____ Exercise input
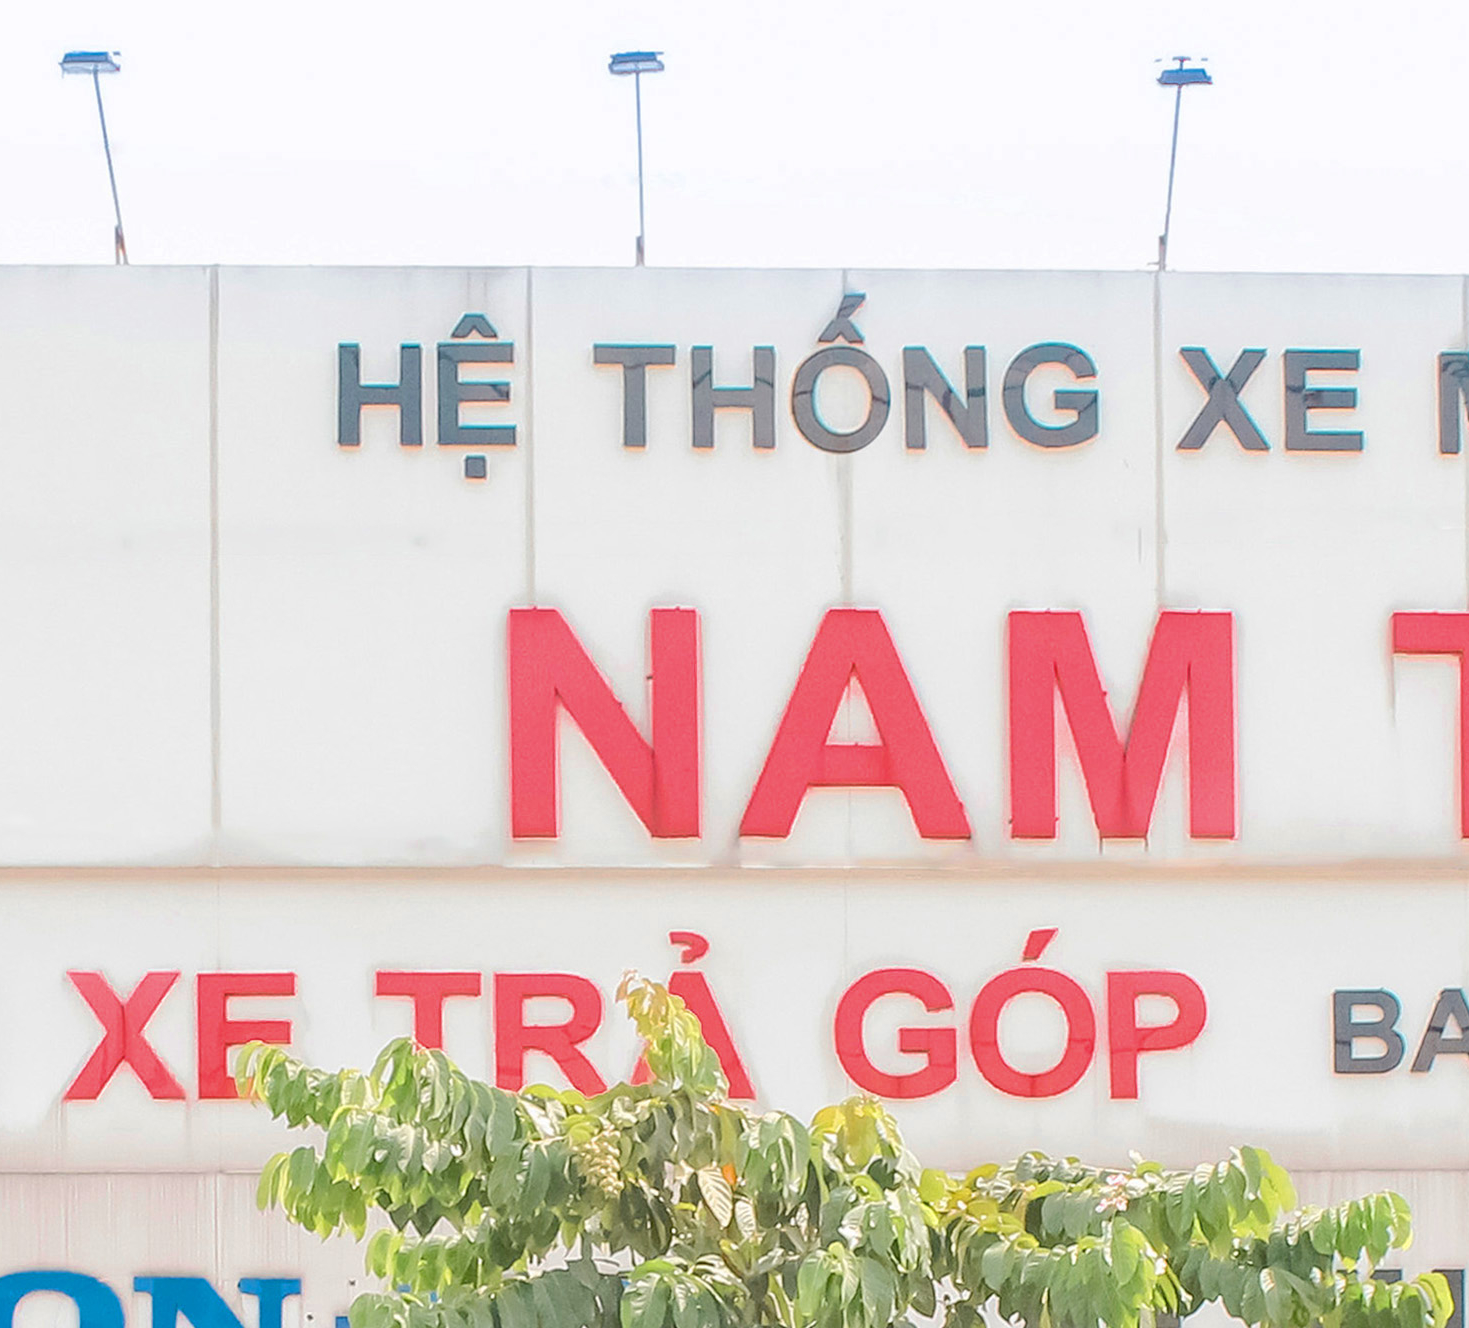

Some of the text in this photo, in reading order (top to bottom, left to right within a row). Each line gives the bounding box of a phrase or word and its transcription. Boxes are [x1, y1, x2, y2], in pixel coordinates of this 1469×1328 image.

[337, 313, 517, 479] HỆ
[594, 292, 1101, 453] THỐNG
[1177, 346, 1365, 451] XE
[508, 606, 1238, 840] NAM
[62, 970, 296, 1101] XE
[834, 928, 1207, 1101] GÓP
________
◆ Task statement: Leave the images aside and return the records above exactly as written.

◆ Final answer:
Some of the text in this photo, in reading order (top to bottom, left to right within a row). Each line gives the bounding box of a phrase or word and its transcription. Boxes are [x1, y1, x2, y2], in pixel coordinates of this 1469×1328 image.

[337, 313, 517, 479] HỆ
[594, 292, 1101, 453] THỐNG
[1177, 346, 1365, 451] XE
[508, 606, 1238, 840] NAM
[62, 970, 296, 1101] XE
[834, 928, 1207, 1101] GÓP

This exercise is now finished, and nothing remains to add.